His fist came at her jaw before she could duck. She went sprawling to the ground, taking the chair over with her. Stars danced in front of her eyes, pain radiating up into her skull.

He stood over her, and she tried to scoot away before he could kick her the way he always had her mother once he got her down on the floor. Too late, he stomped a booted foot into her kidney.

She cried out, more from shock than pain, but shifted to grab his ankle. He lost his balance, tumbling into the edge of the desk. She forced herself to her feet, lunging at him.

The chair made it awkward, and he batted her away. She fell over the piece of furniture, landing on the floor, but as he came at her, she used her momentum to jerk the chair up and jammed the end of a leg into his stomach.

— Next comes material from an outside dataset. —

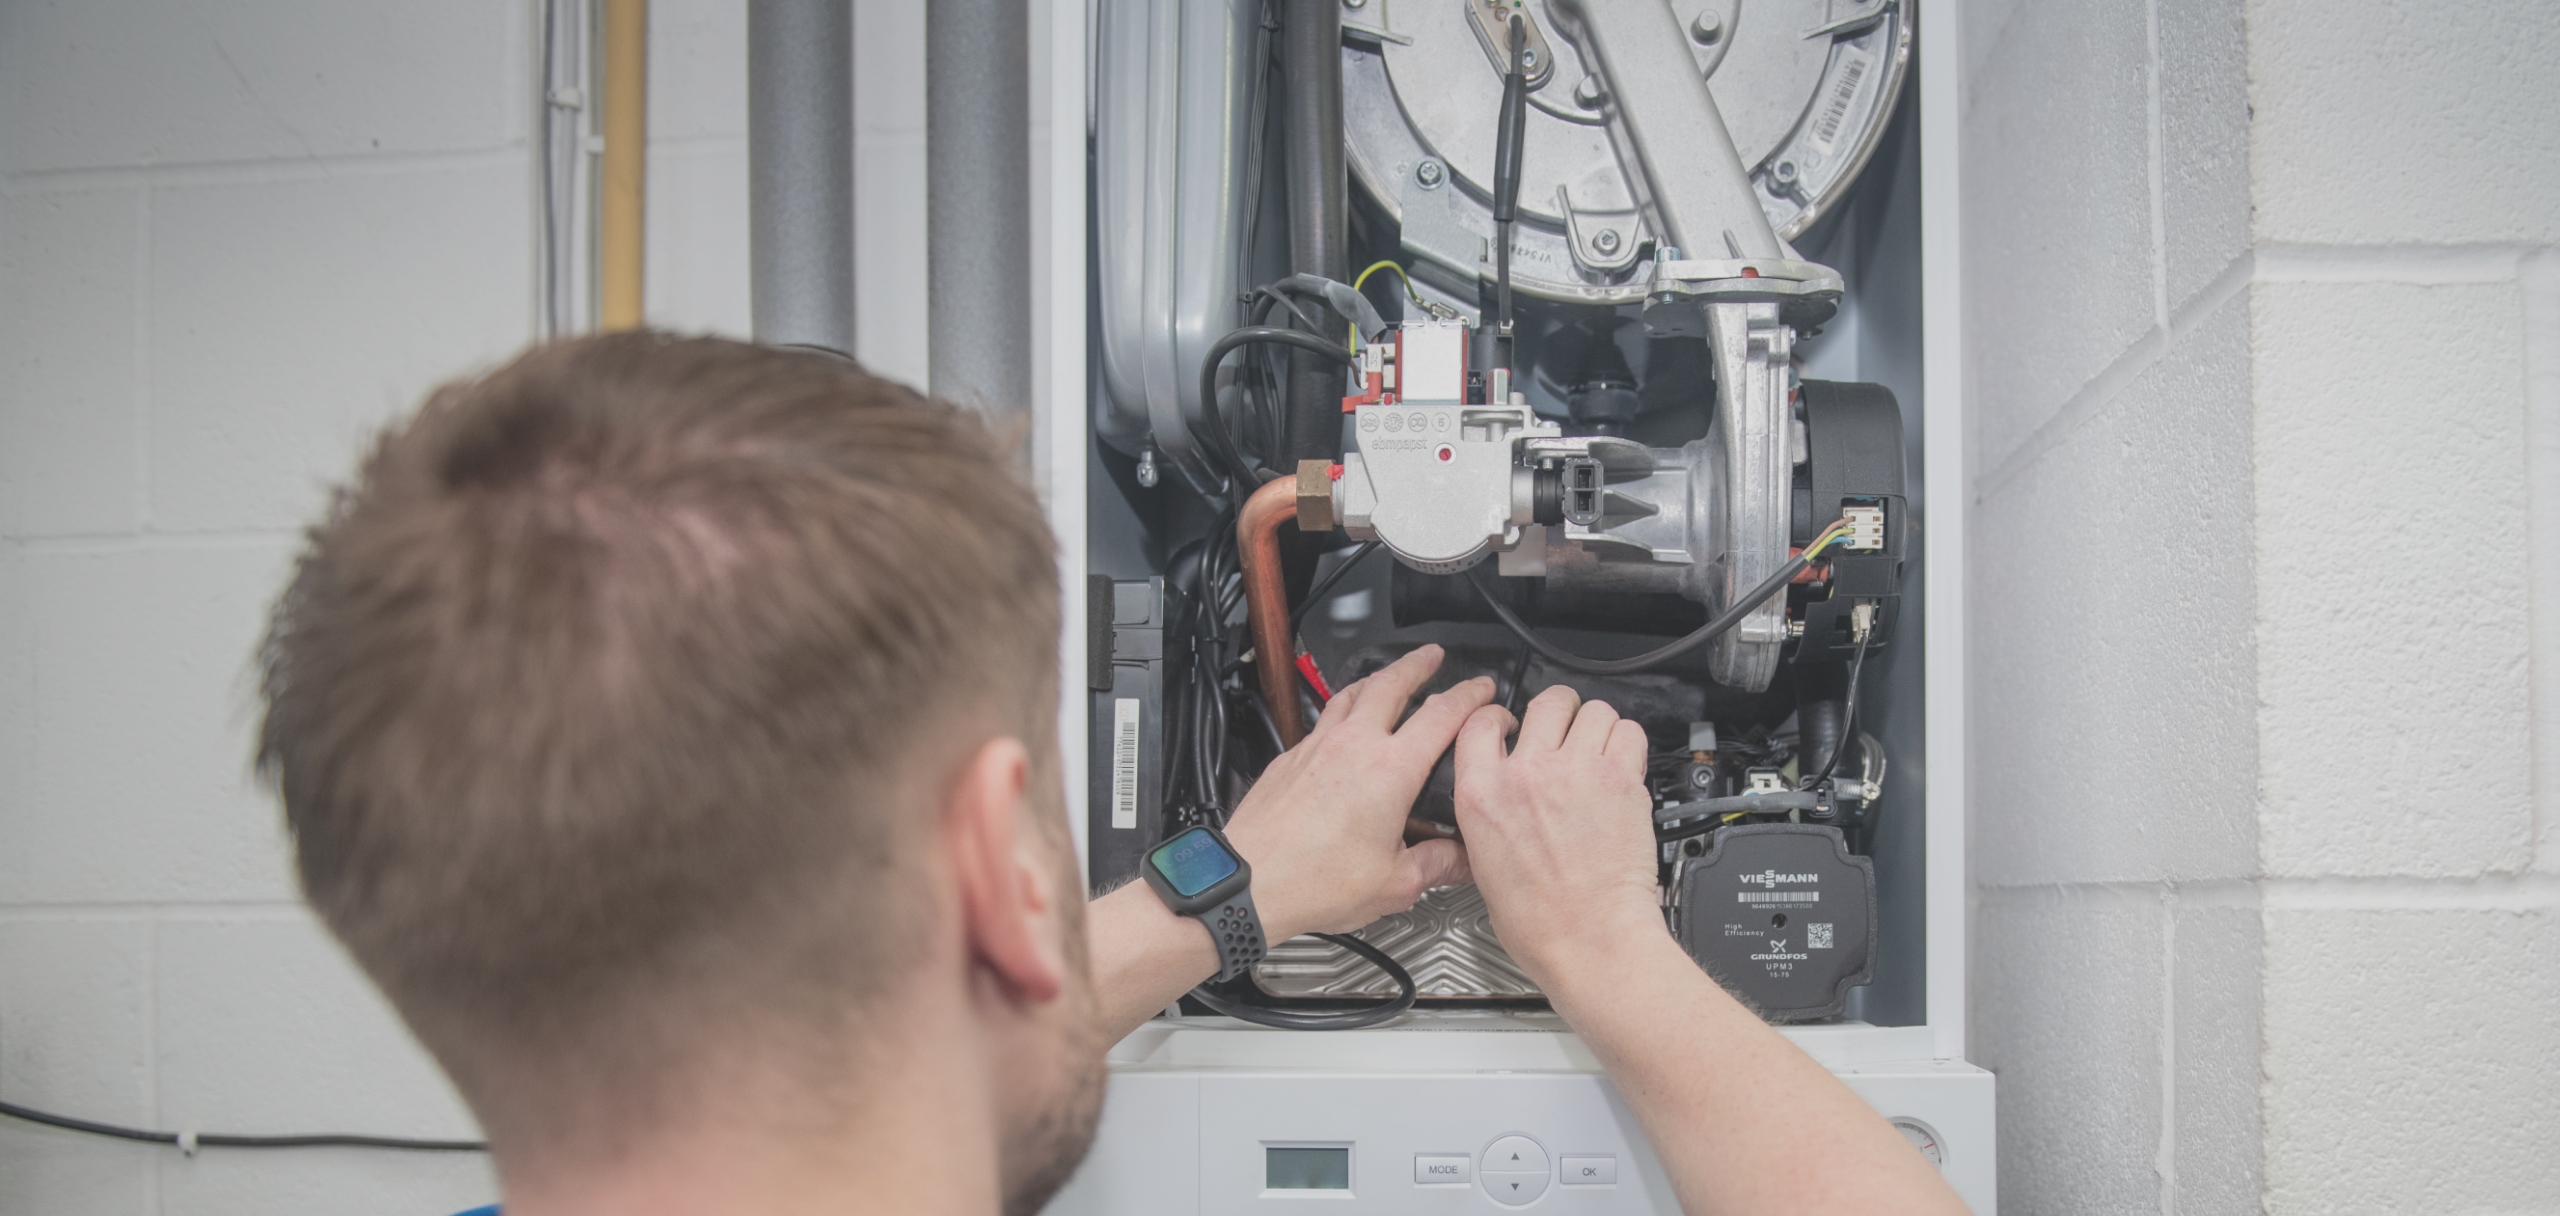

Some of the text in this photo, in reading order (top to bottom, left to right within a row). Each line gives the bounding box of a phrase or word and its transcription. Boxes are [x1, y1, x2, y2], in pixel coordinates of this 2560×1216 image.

He bellowed, anger driving him to rush her again. She blocked him with the chair back. He snatched it from her grasp, wrenching her arm hard and slamming the edge of it down on her.

The air whooshed out of her lungs. She tried to roll away, but he kept his grip on the chair, pinning her in place.

His fist was a brick that smashed into her cheek. The second swing broke her nose.

He raised his fist to strike a third time. She screamed, and the room plunged into darkness.